State v. MullinsAnnotate this Case
301 S.E.2d 173 (1982)
STATE of West Virginia v. Bonnie Gale MULLINS.
Supreme Court of Appeals of West Virginia.
December 15, 1982.
Rehearing Denied March 30, 1983.
*175 Gregory W. Bailey, Deputy Atty. Gen., Charleston, for appellee.
Leo Catsonis, Michael T. Clifford, Charleston, for appellant.
The defendant was convicted of voluntary manslaughter in the Circuit Court of Kanawha County. On appeal she argues that the trial court erred in instructing the jury, that the prosecuting attorney made improper remarks to the jury during closing argument, that the trial court erred in permitting a medical examiner to testify that the cause of the victim's death was homicide, and that she received ineffective assistance of counsel during trial. After examining the questions presented, we conclude that the trial court committed no reversible error, and we affirm the defendant's conviction.
The defendant was convicted of killing Jerry Hamilton, the father of two of her children. Mr. Hamilton was found in a car parked on a driveway in Rand, West Virginia, on August 28, 1978. He had sustained a gunshot wound to the head and was apparently dead when discovered. Two or three feet from the door of the car a .22 caliber pistol was found on the ground.
Evidence was introduced that on the day of the shooting the victim had visited the defendant, had quarreled with her and had removed the couple's two children. The defendant had been observed shouting obscenities at him. He returned about 7:30 p.m. and was seen backing out of the driveway and then reversing course and driving toward the house at a high rate of speed and stopping. A few minutes later four shots were heard. One of the State's witnesses, Margaret Taylor, who lived in the *176 same neighborhood, testified that the defendant appeared at her door wanting to use the telephone and said that she had just shot her husband.

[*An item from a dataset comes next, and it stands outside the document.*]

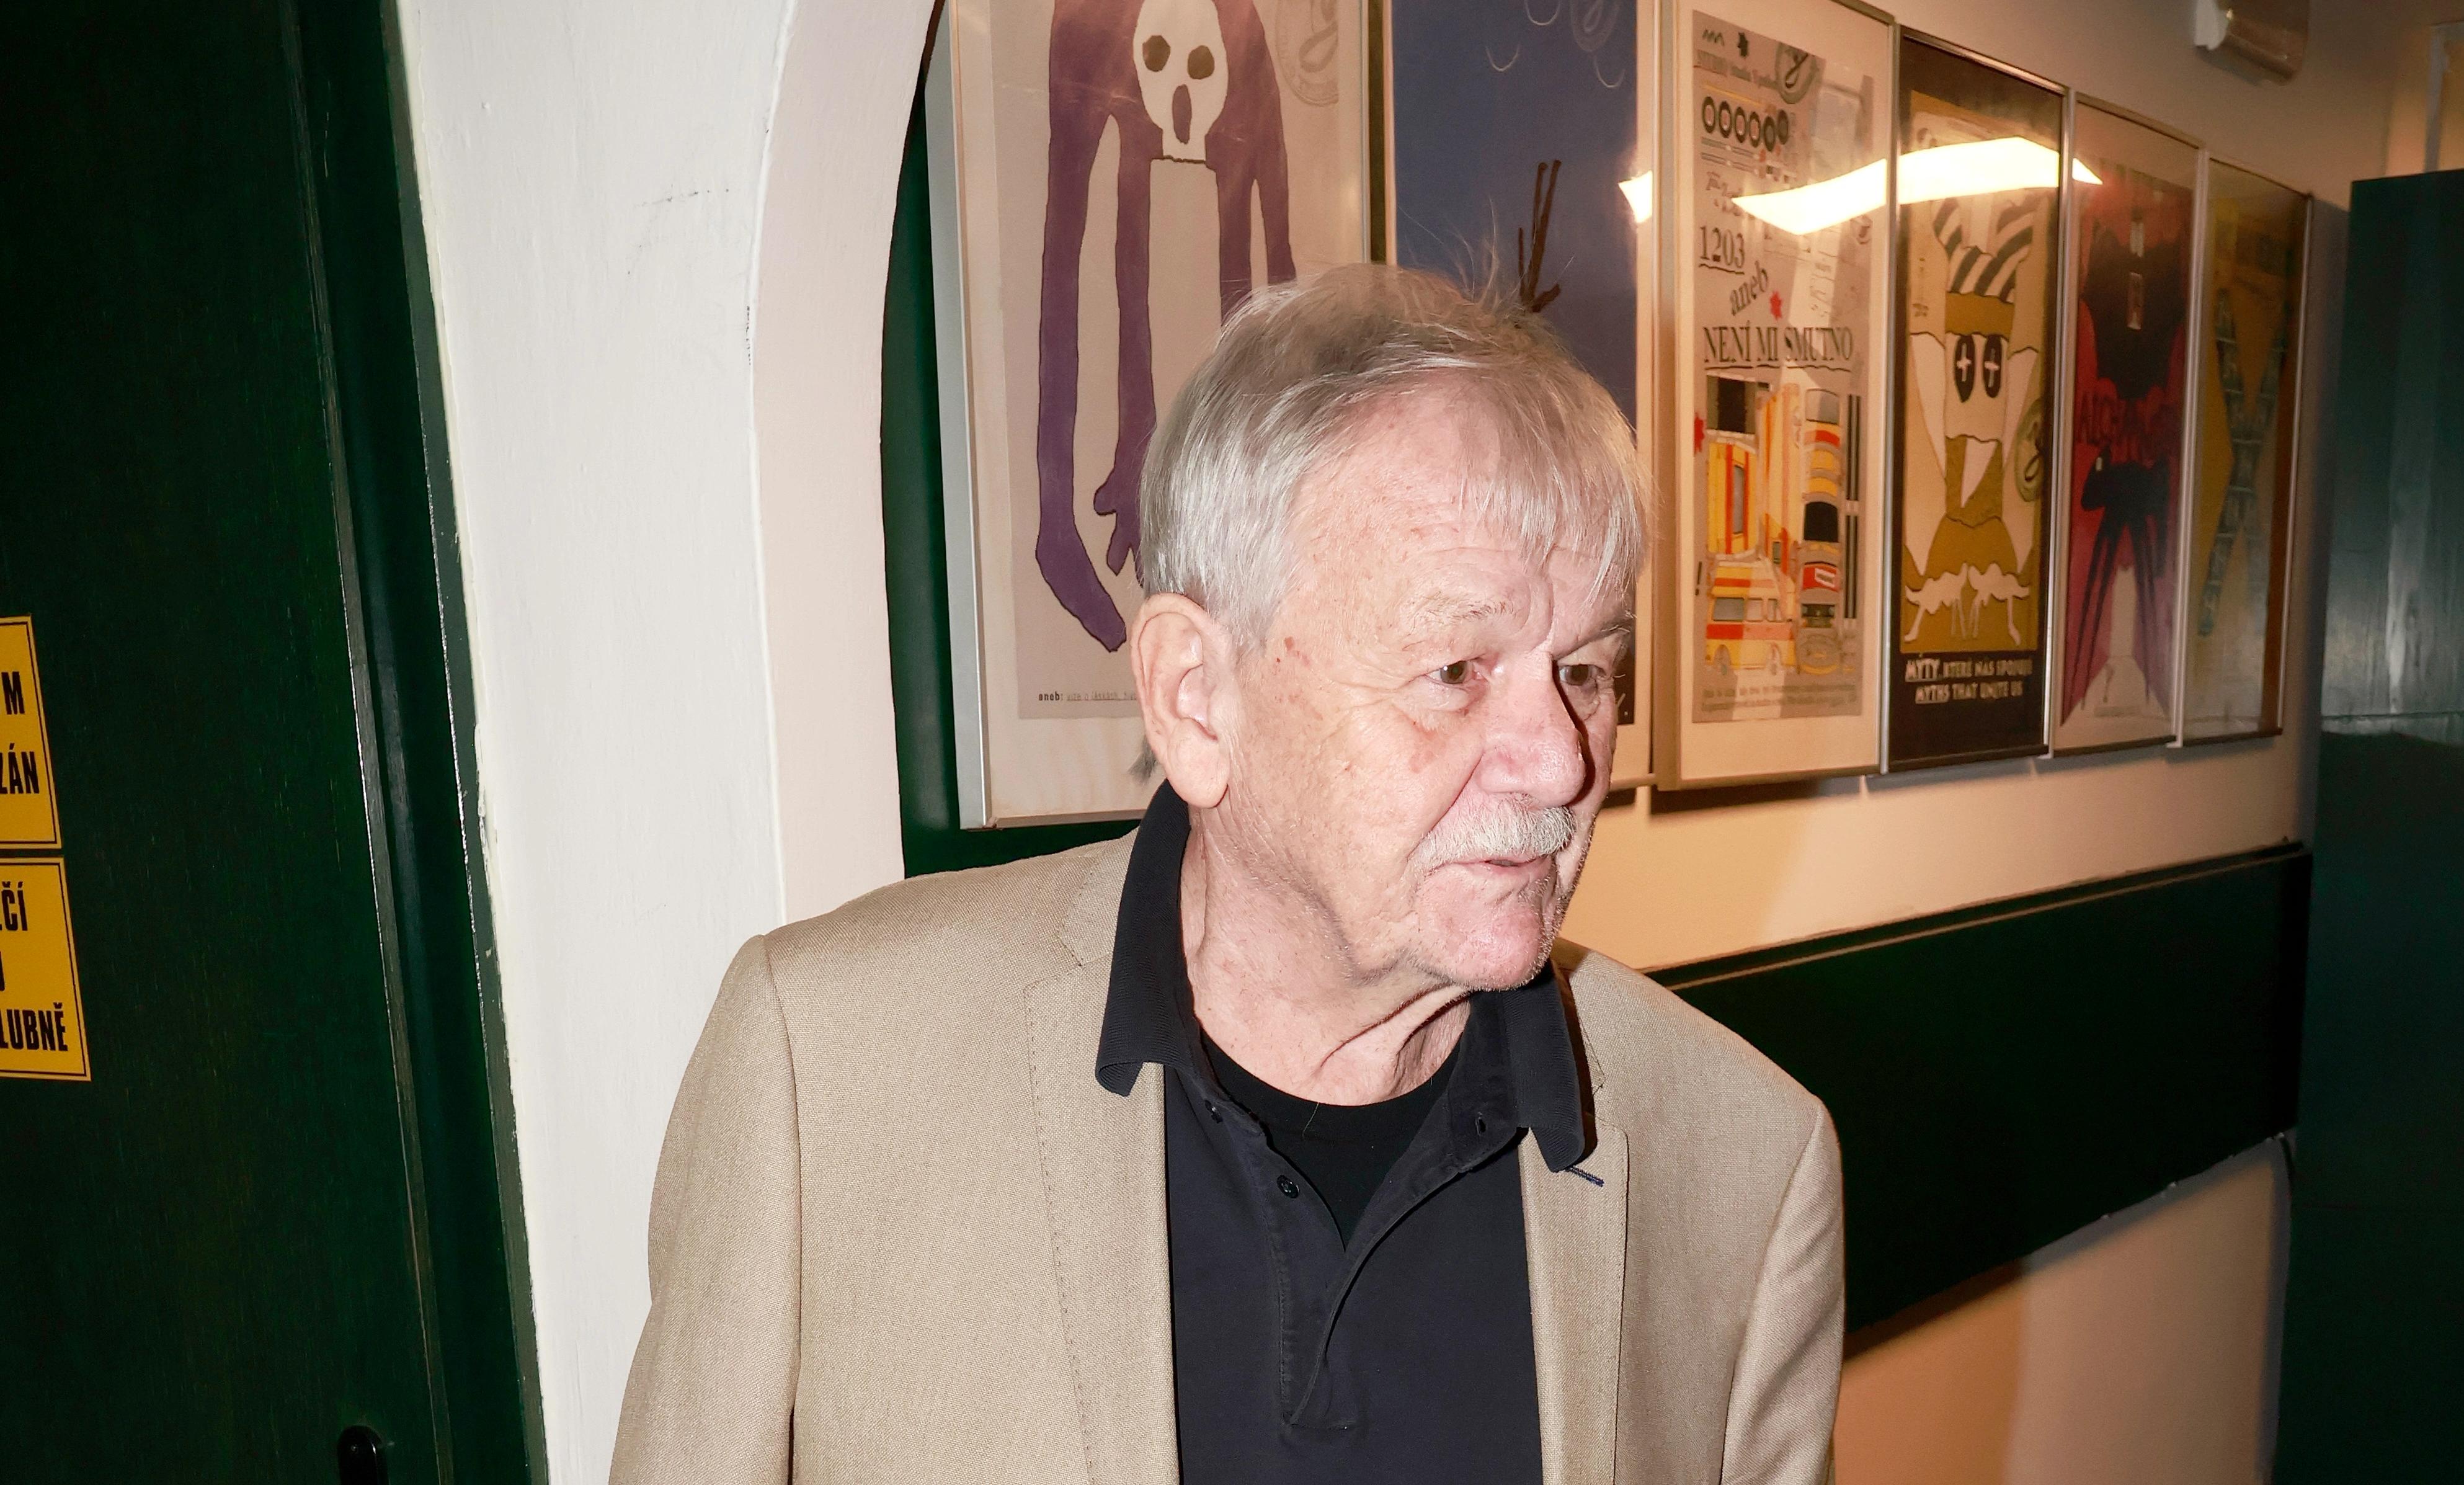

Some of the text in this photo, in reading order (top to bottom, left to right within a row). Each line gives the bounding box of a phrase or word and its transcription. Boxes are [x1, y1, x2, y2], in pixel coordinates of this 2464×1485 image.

[1704, 320, 1854, 363] NENÍ MI SMUTNO
[0, 881, 28, 931] ČÍ

The defendant testified that on the day in question the victim had been drinking and they had argued. She said that immediately before the shooting he had kicked the kitchen table over and struck her twice. When he left and had almost gotten out of the driveway, he returned and yelled for her. She testified that when she went out, the car door was open, and the victim told her that he was going to kill her. She said he picked up a pistol and pointed it at her. She grabbed for it, and a struggle ensued. The gun fired, and she got it away from him. As she was backing away, it went off again. She testified that when the gun went off, initially at least, both of them had their hands on it. She also said that she did not know where she held the gun when she got it and that she did not mean to shoot the victim.

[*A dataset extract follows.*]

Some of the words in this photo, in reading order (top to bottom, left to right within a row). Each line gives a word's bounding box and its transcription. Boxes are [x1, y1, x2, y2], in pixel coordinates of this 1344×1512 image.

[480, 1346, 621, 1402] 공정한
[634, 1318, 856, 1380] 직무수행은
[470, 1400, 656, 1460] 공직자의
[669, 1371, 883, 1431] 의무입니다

On appeal, the defendant's first assertion is that the trial court erred in giving State's Instruction No. 13, as amended, which informed the jury that if they believed that the defendant shot the victim "and that she, the said Bonnie Gale Mullins, relies upon self-defense to excuse her from such act, the burden of showing such excuse is on the defendant." The defendant argues that the giving of the same instruction was found to be reversible error in Syllabus Point 4 of State v. Kirtley, W.Va., 252 S.E.2d 374 (1978):"Once there is sufficient evidence to create a reasonable doubt that the killing resulted from the defendant acting in self-defense, the prosecution must prove beyond a reasonable doubt that the defendant did not act in self-defense."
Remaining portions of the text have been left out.